Przyszły tydzień: NFP, ISM, PMI z Wlk. Bryt., minutki ECB, RBA, RPP, rynek pracy z Kanady
W USA najważniejszy będzie wrześniowy raport z rynku pracy (pt). Konsensus dla zmiany zatrudnienia wypada nisko (75 tys.) w związku ze zniekształceniami wywołanymi przez ataki huraganów. Rozpiętość prognoz od -45 tys. do 209 tys. pokazuje, jak dużą niewiadomą jest najbliższy odczyt. Ale z tego samego powodu rynek powinien z rezerwą podchodzić do rezultatów, gdyż w kolejnych miesiącach dane powinny powrócić do normalności (150-200 tys.). Dane o średniej płacy godzinowej mogą zostać podbite w górę (prog. 0,3 proc. m/m), gdyż huragany mogły obniżyć liczbę przepracowanych godzin. Jest wątpliwe, aby Fed miał wyciągać pochopne wnioski z tak zaburzonych danych, więc grudniowa podwyżka Fed pozostaje niezagrożona.
Z pozostałych raportów, ISM dla przemysłu (pon) i usług (śr) powinny pozostać na wysokich poziomach, gdyż regionalne wskaźniki sugerowały podtrzymany optymizm w regionach niedotkniętych wpływem huraganów. Wydatki na inwestycje budowlane (pon), bilans handlowy (czw) i zamówienia przemysłowe (czw) powinny być drugorzędne. Ogólnie jednak w obecnym klimacie USD powinien być bardziej wrażliwy na oznaki siły gospodarki. W przyszłym tygodniu mamy sporo wystąpień członków Fed (m.in. Yellen w środę, Dudley w piątek), ale większość już udzielała komentarzy po wrześniowym posiedzeniu FOMC, więc raczej nie spodziewamy się nowych rewelacji. Pomimo tego podtrzymanie jastrzębiej retoryki może być dobrym podkładem pod utrzymanie siły USD.

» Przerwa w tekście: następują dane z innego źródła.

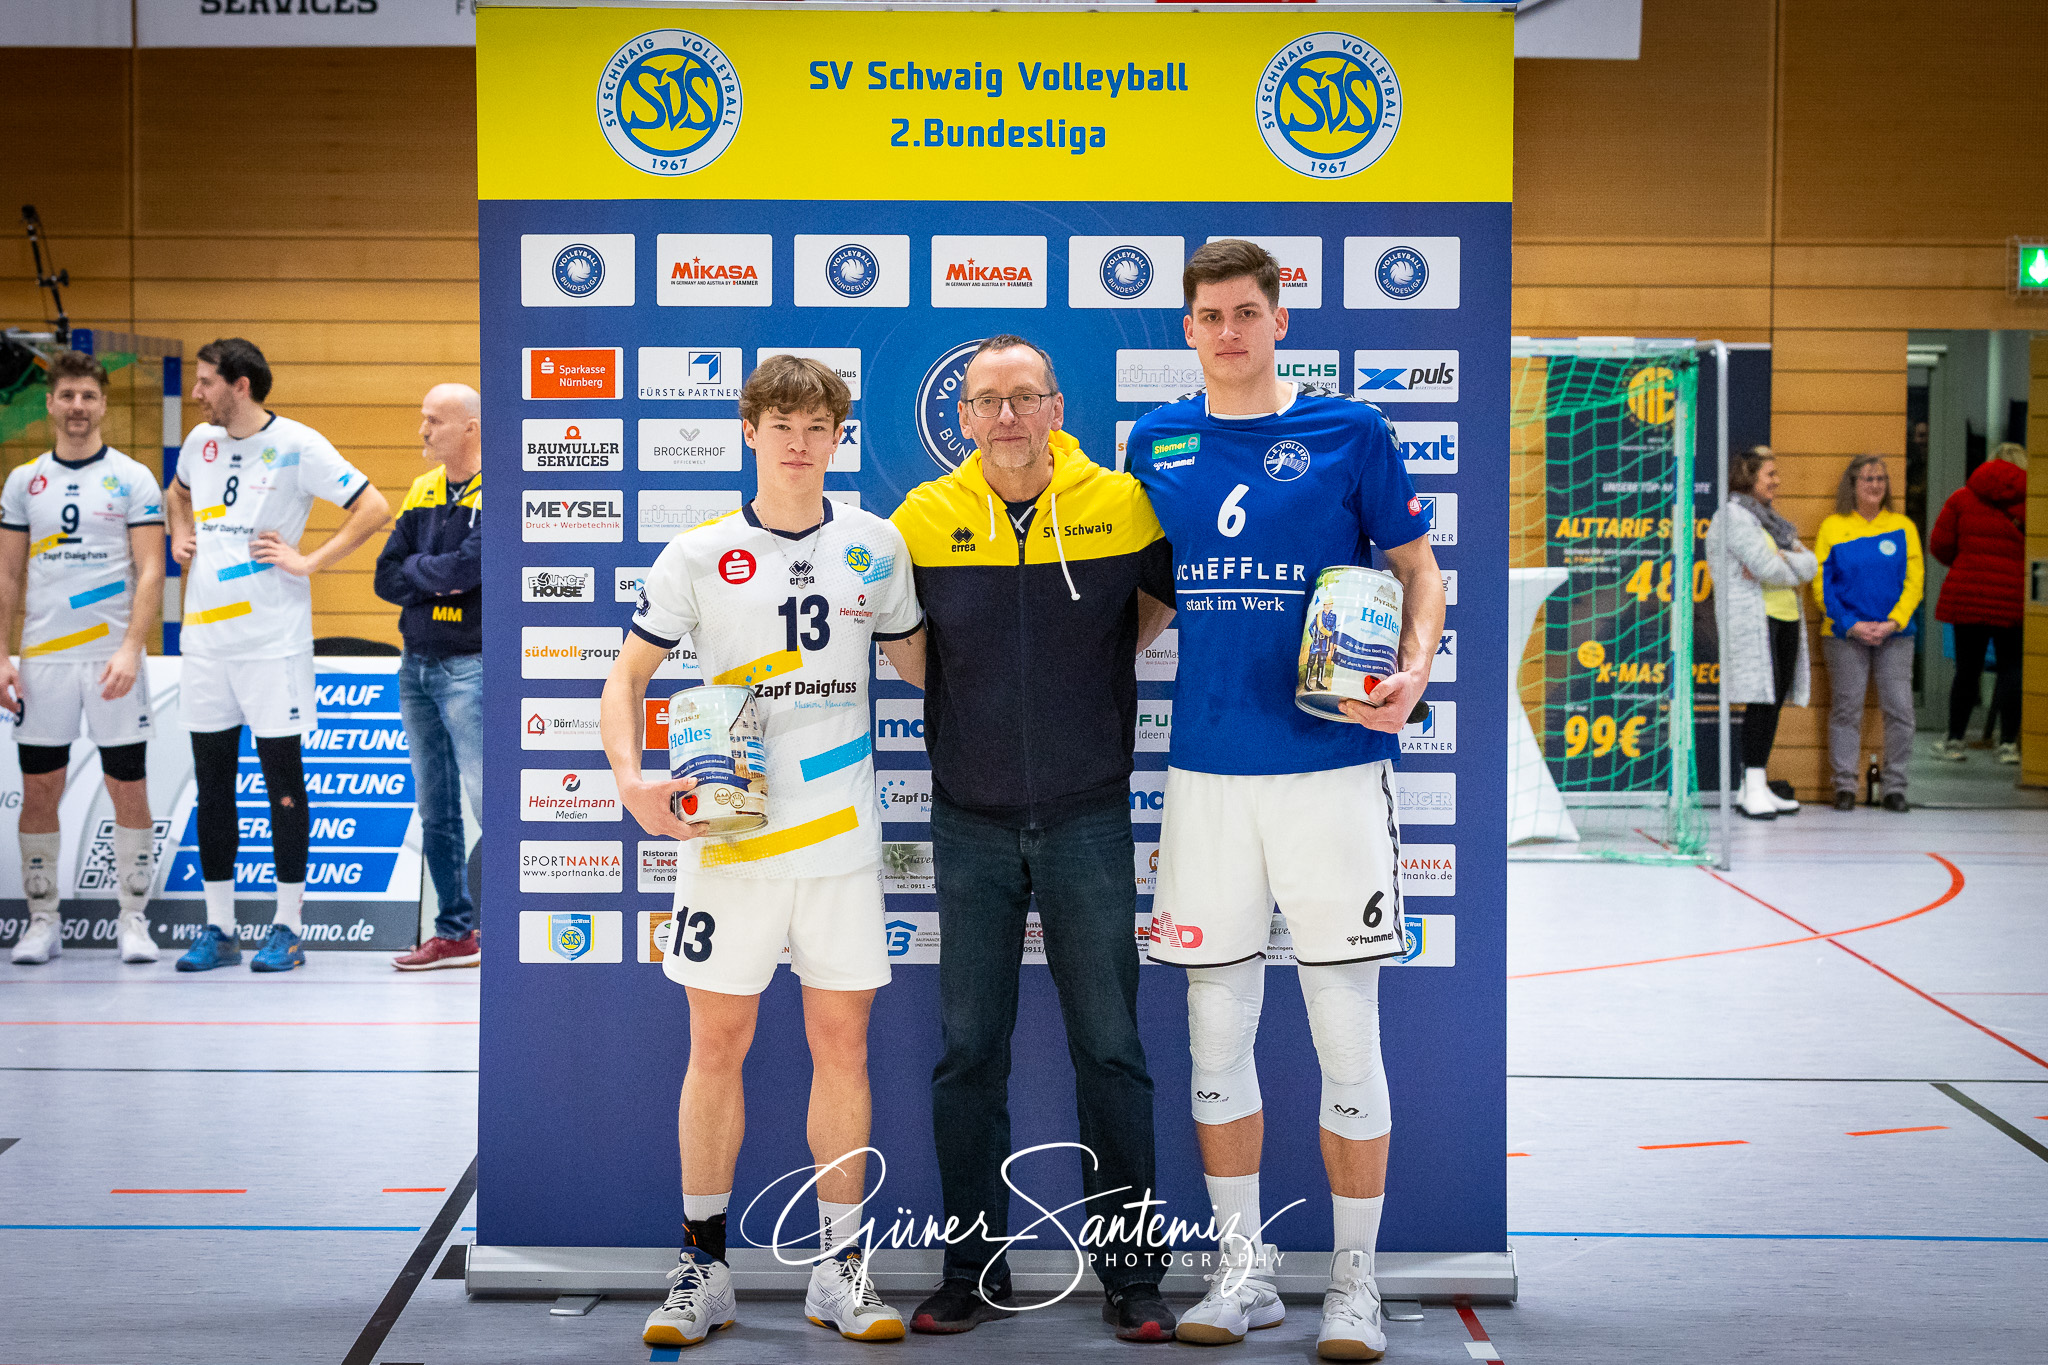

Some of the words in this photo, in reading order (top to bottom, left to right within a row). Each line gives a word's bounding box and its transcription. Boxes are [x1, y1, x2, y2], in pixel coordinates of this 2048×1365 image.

[605, 38, 655, 101] SCHWAIG
[1263, 40, 1314, 102] SCHWAIG
[681, 36, 736, 127] VOLLEYBALL
[809, 61, 853, 90] SV
[868, 61, 1003, 98] Schwaig
[1018, 62, 1189, 98] Volleyball
[1341, 39, 1397, 129] VOLLEYBALL
[605, 108, 617, 127] SV
[1263, 110, 1275, 130] SV
[890, 118, 1106, 155] 2.Bundesliga
[651, 157, 688, 171] 1967
[1310, 160, 1348, 174] 1967
[559, 250, 598, 267] VOLLEYBALL
[833, 250, 872, 267] VOLLEYBALL
[1106, 251, 1146, 268] VOLLEYBALL
[1381, 252, 1421, 269] VOLLEYBALL
[560, 276, 598, 292] BUNDESLIGA
[833, 276, 872, 292] BUNDESLIGA
[1107, 278, 1146, 294] BUNDESLIGA
[1382, 279, 1422, 295] BUNDESLIGA
[559, 365, 606, 376] Sparkasse
[1118, 364, 1205, 383] HÜTTINGE
[1277, 363, 1337, 376] UCHS
[559, 377, 603, 388] Nürnberg
[640, 387, 676, 397] FÜRST
[678, 388, 685, 397] &
[688, 388, 739, 397] PARTNER
[653, 446, 726, 456] BROCKERHOF
[1280, 443, 1308, 461] VOLLEYS
[537, 456, 609, 467] SERVICES
[1162, 456, 1196, 470] hummel
[223, 475, 239, 507] 8
[526, 501, 621, 518] MEYSEL
[1217, 483, 1250, 538] 6
[61, 503, 80, 534] 9
[526, 521, 550, 529] Druck
[560, 521, 620, 529] Werbetechnik
[1064, 521, 1113, 537] Schwaig
[1555, 517, 1653, 539] ALTTARIF
[951, 542, 976, 553] errea
[533, 586, 583, 597] HOUSE
[1186, 596, 1214, 612] stark
[1217, 597, 1238, 611] im
[1241, 597, 1285, 612] Werk
[432, 606, 462, 622] MM
[1360, 606, 1400, 637] Helles
[778, 594, 831, 652] 13
[1596, 663, 1666, 684] X-MAS
[754, 681, 791, 700] Zapf
[794, 679, 857, 697] Daigfuss
[553, 718, 601, 729] DörrMassiv
[669, 727, 712, 750] Helles
[1138, 730, 1165, 739] Ideen
[1565, 715, 1646, 758] 99€
[1401, 742, 1453, 751] PARTNER
[235, 773, 406, 795] VEALTUNG
[528, 795, 616, 808] Heinzelmann
[891, 792, 919, 805] Zapf
[555, 811, 588, 819] Medien
[523, 855, 621, 867] SPORTNANKA
[523, 868, 621, 880] www.sportnanka.de
[653, 874, 666, 882] fon
[1362, 890, 1385, 928] 6
[673, 905, 716, 962] 13
[1359, 930, 1394, 946] hummel

W Europie tematem po weekendzie będzie referendum o niepodległość Katalonii: czy w ogóle się odbyło, a jeśli tak, to pewnie nie będzie uznane ani przez rząd w Madrycie, ani przez UE. Z tego też powodu rynki finansowe jak na razie nie wykazały zainteresowania tematem i w poniedziałek niewiele powinno się tutaj zmienić. Kalendarz z Eurolandu zawiera rewizje wskaźników PMI (pon, śr) oraz sprzedaż detaliczną (śr), ale odczyty te raczej niewiele zmienią w sytuacji EUR. Małe są także szanse na to, aby protokół z ostatniego posiedzenia ECB (czw) wyjawił coś, czego już nie wiemy. Prezes Draghi dał jasno do zrozumienia, że większość szczegółów dotyczących procesu wygaszania QE zostanie zaprezentowana w październiku, zatem minutki w ograniczonym stopniu zahacza o ten temat. Tylko wzmianki o ożywionej dyskusji na temat siły euro mogłyby mieć wpływ na rynek walutowy, choć do teraz mniej więcej poznaliśmy zdanie co ważniejszych członków Rady Prezesów. Dopóki nie poznamy przyszłych planów ECB, EUR pozostaje bez paliwa do kontynuacji wzrostów i jest wrażliwe na dalsze redukowanie pozycji.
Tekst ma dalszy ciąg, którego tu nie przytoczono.